About Me

My photo
I've described my faith life as like one of those funnel gadgets, being raised in the extremely narrow end of fundamentalism, then moving into the gradually widening scope of the evangelical, through orthodox Reformed theology, and now probably more progressive. My journey is bringing me to become more human, more incarnated and more a citizen of the Kindom of God in the world God loves.
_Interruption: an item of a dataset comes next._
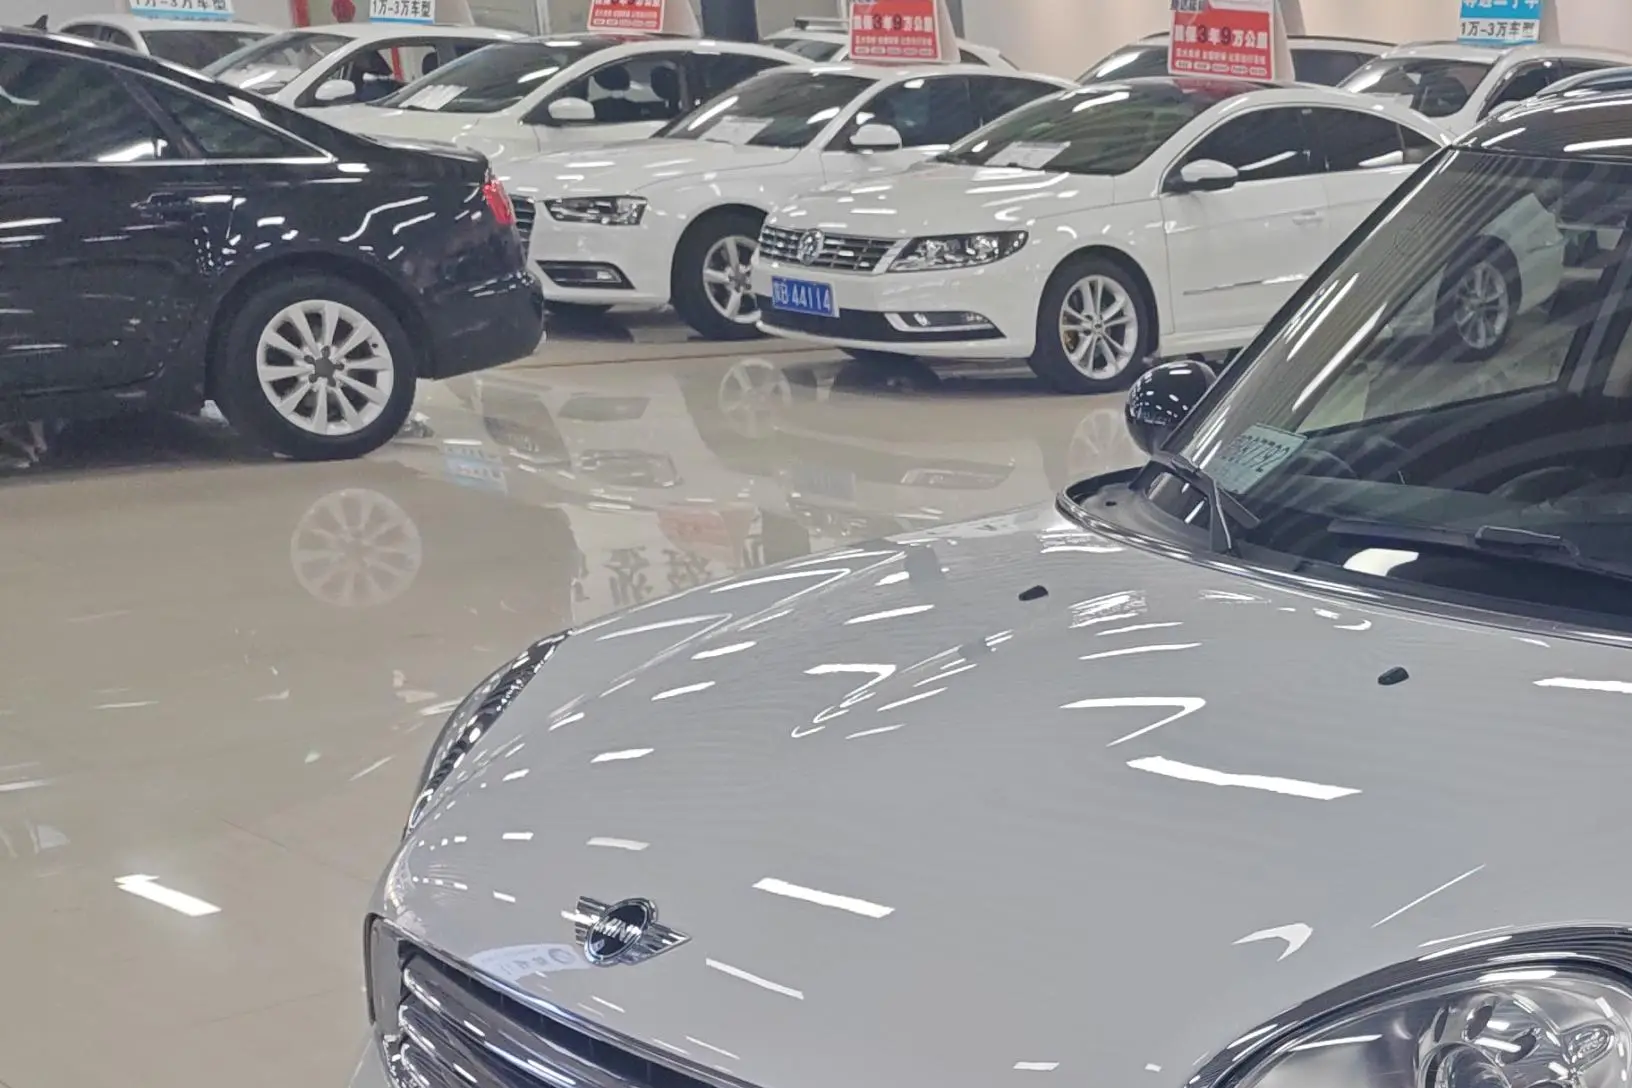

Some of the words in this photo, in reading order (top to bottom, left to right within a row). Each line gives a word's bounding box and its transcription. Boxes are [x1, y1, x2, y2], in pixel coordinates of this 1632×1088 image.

[373, 0, 431, 17] 1万-3万车型
[1461, 21, 1535, 38] 1万-3万车型
Saturday, December 28, 2019

Christmas' Healing and Wholeness 12/24/19 Christmas Eve A


Rev. Dr. Rebecca L. Kiser
Christmas’ Healing and Wholeness
12/24/19      Christmas Eve A

Often in this world, we strive to know how to live - what’s right, what’s good, what’s helpful; what’s meaningful; what moves the world forward on a path that leads to good for all people.   We look to religion and Holy Scriptures to tell us about this world that God created, and what is just and what is our high calling, how to treat others, how to treat creation.  At Christmastime, often our convictions and hopes are rekindled, reborn just as the miracle of God born in flesh restores our faith and makes us remember the kindness and love in God’s invitation to us.  When we’re reminded again of all we hope for, all we so deeply believe, all we long for, we renew our determination, we rejoice in that deep good that we recommit to.     
Yet ….even with our highest and best motivations and remembrances, even with the echo of the angels in our ears, you know, its just downright difficult to stick to our intentions when life begins to pull on our time, our pocketbooks, our attention, our energy.  Even in the busy preparations for Christmas celebrations, we are rushed and preoccupied getting everything ready, packing the car for trips, wrapping just that perfect present, getting the meal on the table all together at the same time.  After Christmas, with the return of schoolwork, doctors appointments, the kids’ ear infections, demands of work, keeping healthy food on the table - these things take our minds away from the wonder of angels and shepherds, the prophetic obedience of Mary and Joseph, the wisdom of those wise men who came to worship and yet were saavy enough to avoid King Herod on the trip home.  Our vision of living a more complete life of faith falls lower nad lower on the radar screens of our minds, and finally scrolls off.
      This birth of God in the baby Jesus calls to us at a deep, spiritual level of wholeness, of promise and fulfillment, of purposes transcending the everyday hectic pace of things, of a peace that wants to pervade and encompass our daily living. It may have been a historic moment, yes, but it speaks to us of an ongoing and continuous awareness of God in our midst, God being born among us day by day...if only our minds grow still and our eyes see.  In this baby Jesus, who grows in wisdom and stature, and in favor with God and with people - in this birth, we see the coming together of Divine and earthly flesh, of spirit and matter; we see the hopes of the past pushing into the present and future.  We yearn for that kind of wholeness in our own living, that our goals and our actual living would match, that our faith and our actions would be consistent.  We long for the various pulls in our heart to be connected; that we would live in touch with all parts of ourselves… isn’t that what we wish we could do?  To not be distracted from our inner values by the insistent calls on our attention from daily activities and demands - or perhaps that we move through those daily demands with an ongoing awareness of the presence of this larger picture, this larger frame of human existence; that this experience of God’s transcendence would underlie all the rest. That we, too would know this wholeness and completeness of inner self with  outer self,  mind with body;  intellect with feelings; faith with the physical, unity with diversity, the resolution of all paradox.
    The promise that is Jesus Christ says this wholeness is possible, says that this vision can be reality.  In Jesus, the Christ, the Messiah, the one anticipated and hoped for, the answer to generations of longing and promise -  all these aspects of life meet together and hold out the promise of a new reality for humanity.  .  
     See, that’s God.  The resolution of the big picture held in this new individual. A culmination of humanity’s hopes for a world living as it was designed. No wonder the angels cried praise & people bowed & offered gifts!
      Tonight we let our hearts remember these highest hopes & be renewed. Tonight as we take bread (matter) and drink (spirit), let us celebrate that unity & wholeness that is in God. Tonight we restore our hopes & intentions for this often crazy world, and join ourselves in this praise. Amen.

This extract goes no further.